A gene signature table for each GI cancer type consists of multidimensional analysis relevant to high mutation frequencies, differential expression, altered DNA methylation and survival, which describes the molecular alterations reported in GI cancers and the strength of the correlation between the genes and prognosis. Among the molecular alteration records in the GIDB, there are currently 7681 for somatic mutations, 4876 for differential expressed genes, 2102 for altered DNA methylation levels, 1797 for the impact of prognosis at the expression level (P < 0.05) and 1229 for the impact of prognosis at the methylation level (P < 0.05). Additionally, the references that are highly related to gene–disease associations display the title, journal, author lists and links to PubMed and a research overview.

Use case

We illustrate the use of the GIDB with the example of the topoisomerase (DNA) II alpha (TOP2A) gene in BTC. Generally, we know that the DNA topoisomerase can regulate the topologic states of DNA during transcription. TOP2A is a target for anticancer agents due to its function in encoding DNA topoisomerase, and a variety of different mutations in TOP2A are correlated with the development of drug resistance (29–31).

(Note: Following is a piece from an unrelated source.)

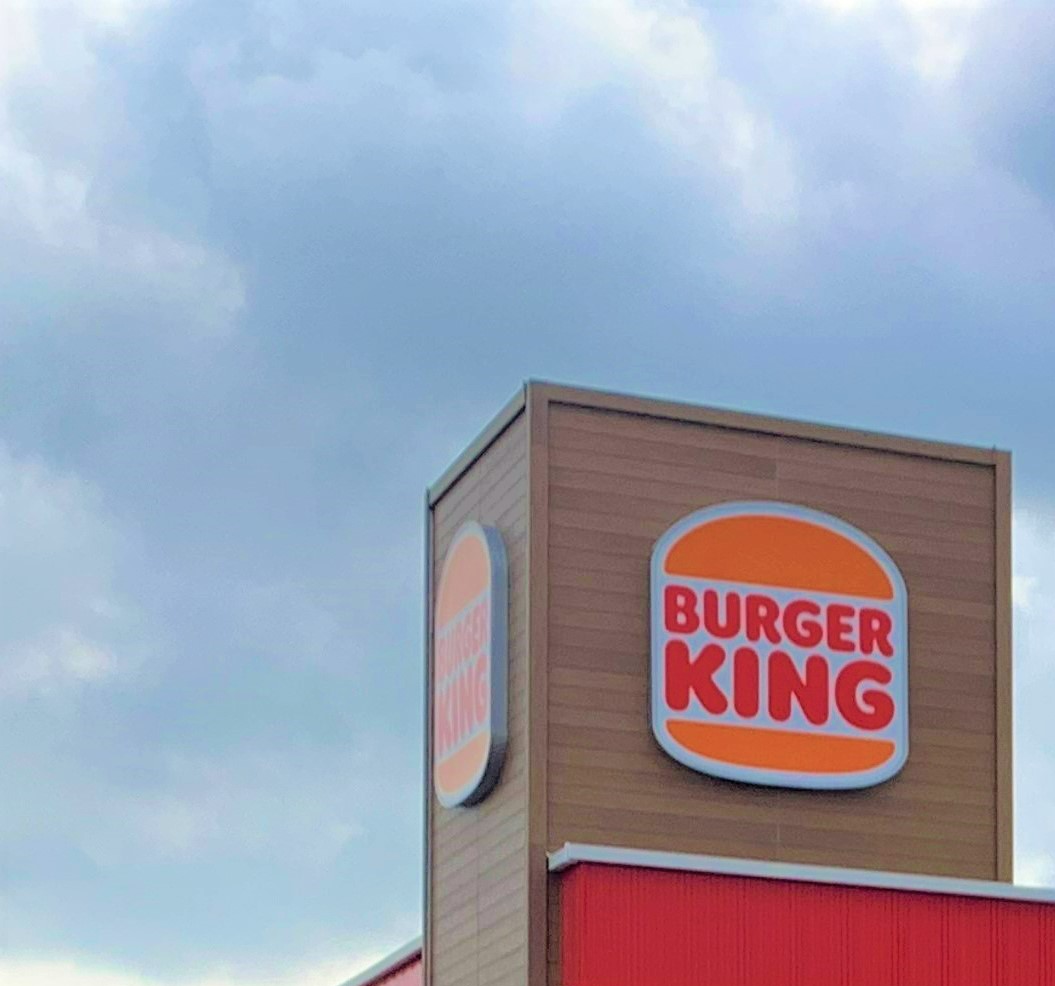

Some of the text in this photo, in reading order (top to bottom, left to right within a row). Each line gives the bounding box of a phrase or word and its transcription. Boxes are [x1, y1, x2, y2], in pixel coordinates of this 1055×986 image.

[436, 601, 487, 682] BURGER
[663, 583, 895, 657] BURGER
[436, 652, 487, 760] KING
[664, 640, 895, 731] KING

In GIDB, we indicate that TOP2A is associated with all types of GI cancer. The evidence concerning the TOP2A gene relevant to BTC is reviewed in three references. As shown in Gene-Timeline, Washiro M et al. (29) first discovered this gene in 2008, and they demonstrated that highly expressed TOPO Ilalpha in gallbladder cancer might be an effective target for chemotherapy. More interestingly, the GIDB correctly identified the TOP2A protein, even though TOPO II alpha is not its official name.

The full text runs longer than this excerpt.